This is a possibility that we should take very seriously. A good chunk of the scientific community certainly does.

One of the things that swayed these scientists is a method of using ‘molecular clocks’ to learn from living genetic sequences as if they were a sort of fossil. The trick is this: look for genetic sequences of a very specific sort, those that change randomly, protected from the directionality of evolutionary selection pressures, and which have been doing so at a slow and steady rate for hundreds of millions of years. (In practice, certain structural elements of hemoglobin work well.) Sequence this area in two very different animal species for which we have already discovered the age of their last common ancestor- and by measuring the difference, we can precisely calibrate the rate of change.

Then, all you have to do is apply this same procedure to, say, a mollusc and a chordate. If the Cambrian Explosion happened like we say it happened, you should get about 500 million years of genetic drift.

Actual answer? 800 million. This gives us a full 300 million years to go from primitive sponges to trilobites, an eminently reasonable wait.

Still, I feel a little squidgy about this line of reasoning. Molecular clocks are a dangerously fragile tool, for one. And remember also that the 800 million year figure would have complex animals surviving the snowball Earth periods, where a frozen surface layer prevented gas exchange between the oceans and atmosphere; those oceans were anoxic, lacking any oxygen for the animals to breathe. But my main objection is actually a bit simpler: no ichnofossils.

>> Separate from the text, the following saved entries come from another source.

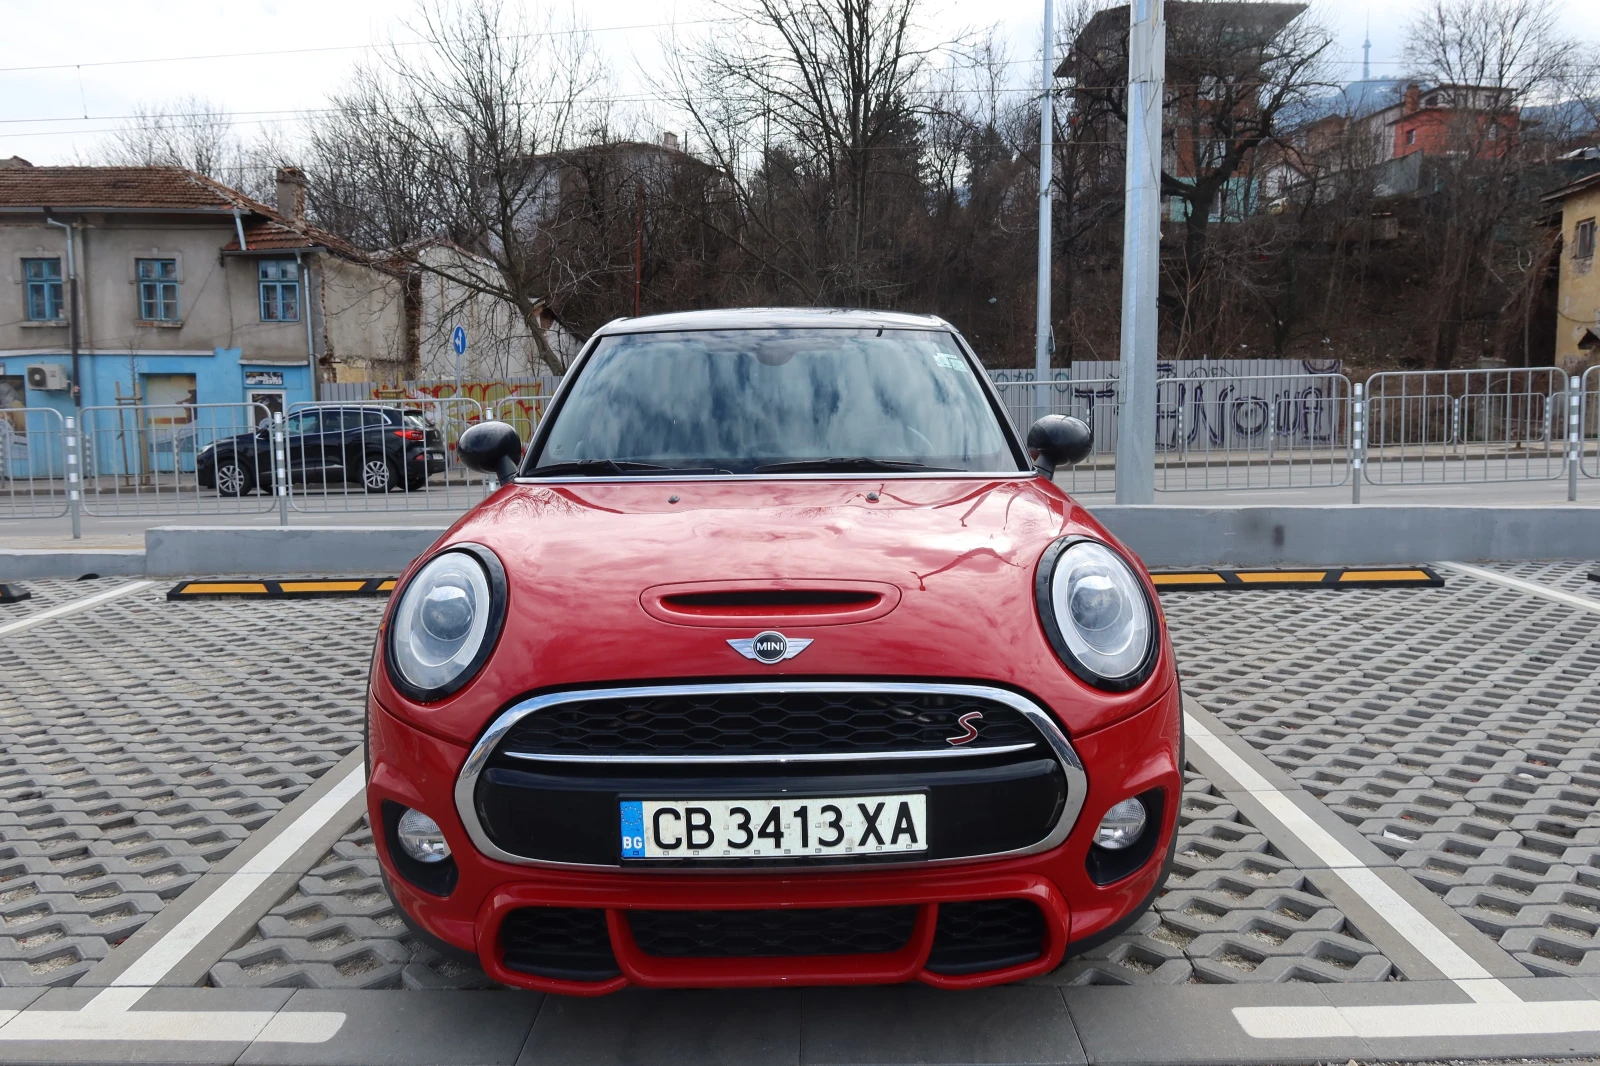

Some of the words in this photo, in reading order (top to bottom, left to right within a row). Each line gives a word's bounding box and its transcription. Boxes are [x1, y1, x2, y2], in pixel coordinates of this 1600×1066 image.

[756, 641, 784, 651] MINI
[946, 711, 983, 746] S
[652, 806, 715, 850] CB
[727, 804, 845, 850] 3413
[857, 801, 919, 847] XA
[623, 836, 643, 850] BG

An ichnofossil, or ‘trace fossil’ is just any biological remnant that doesn’t involve the actual biological thing itself. Footprints, burrows, etcetera. They’re kind of a pain to find- trace fossil hunting famously takes place at dawn so that the shadows throw your field area into sharper relief- but preserve a lot of valuable information that actual bones do not. Consider the famous archaeopteryx fossil that preserved, not just the skeleton of a dinosaur like so many others, but also the clear imprint of its feathers. That is the weight of an ichnofossil.

As you might imagine, we’ve really scoured the strata around the Cambrian transition as best we can. For the simpler organisms, we do find a number of trace fossils. That’s why I can tell you about the sponges and jellyfish; we have the impressions they left in the ground as they died. We even have enough detail to learn astonishing things like: “Modern jellyfish are quadrilaterally symmetrical, a circle with for identical quadrants. But when they first emerged, at least some jellyfish were trilaterally symmetrical, a circle with three identical parts, instead.”

But aside from the jellyfish and those weird asymmetrical fronds, we genuinely don’t see much. No burrows, no tracks, no trilobyte-shaped impressions in soft mud. So if there was this huge dynamic ecosystem, why didn’t it leave any footprints, even though conditions were favorable enough for such things that we can find the final resting place of a 600 million year old jellyfish? The most provocative traces we find are narrow (millimeter) horizontal trails or burrows, just 2-3 million years before the Cambrian. That’s the only prelude we’ve found so far, and it’s a brief one.

I don’t think this is strong enough to break the missing-calcium theory outright; if nothing else, it’s an argument from absence. But I do think it’s a pretty important nail in the coffin, and a reason for skepticism. And so- we still have at least a pretty good reason to think that the Cambrian Explosion is a real thing, and that our search for the middle part of that story is not foolish.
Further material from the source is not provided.